• Exercise description:
Please give every line below again exactly, but not its pictures.
##### Excerpted data
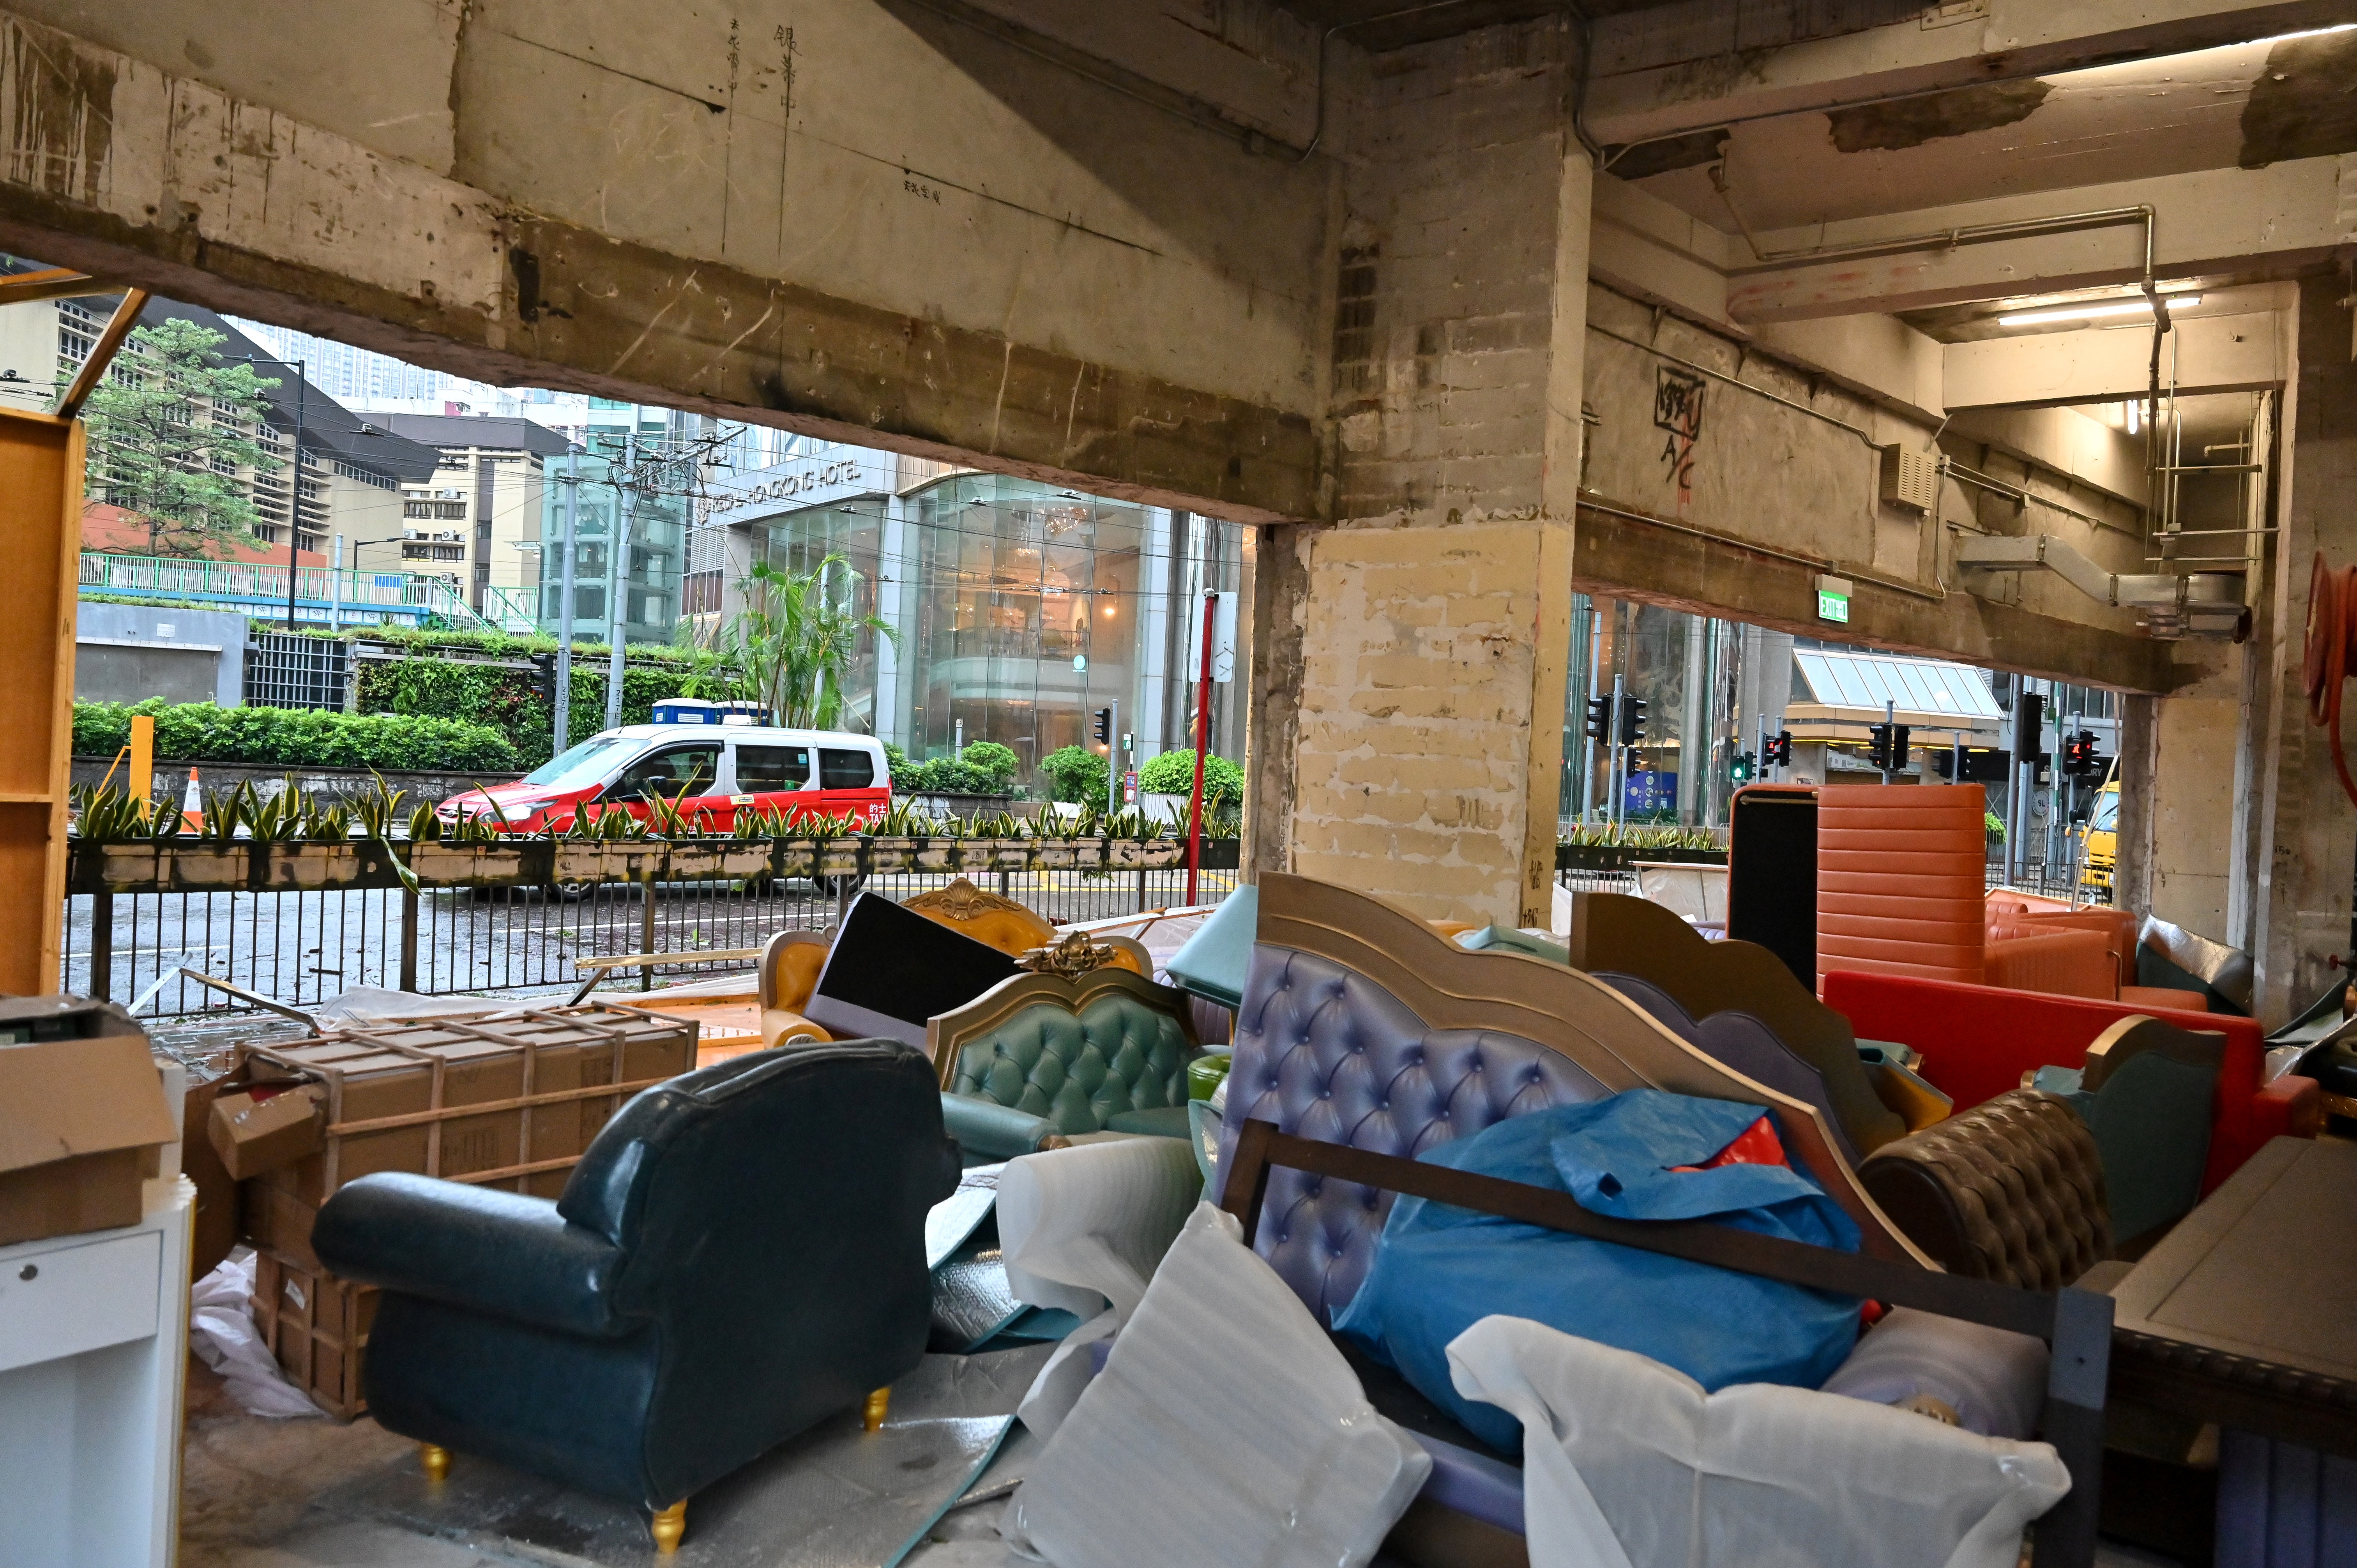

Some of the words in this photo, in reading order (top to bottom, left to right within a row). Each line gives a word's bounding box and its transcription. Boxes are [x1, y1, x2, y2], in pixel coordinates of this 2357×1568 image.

[818, 459, 861, 487] HOTEL
[1660, 434, 1695, 489] A/C
[1820, 596, 1836, 618] EXIT
[1835, 600, 1848, 620] 出口
[869, 803, 887, 813] 的士
[869, 813, 887, 824] TA
##########
• Solution:
Some of the words in this photo, in reading order (top to bottom, left to right within a row). Each line gives a word's bounding box and its transcription. Boxes are [x1, y1, x2, y2], in pixel coordinates of this 2357×1568 image.

[818, 459, 861, 487] HOTEL
[1660, 434, 1695, 489] A/C
[1820, 596, 1836, 618] EXIT
[1835, 600, 1848, 620] 出口
[869, 803, 887, 813] 的士
[869, 813, 887, 824] TA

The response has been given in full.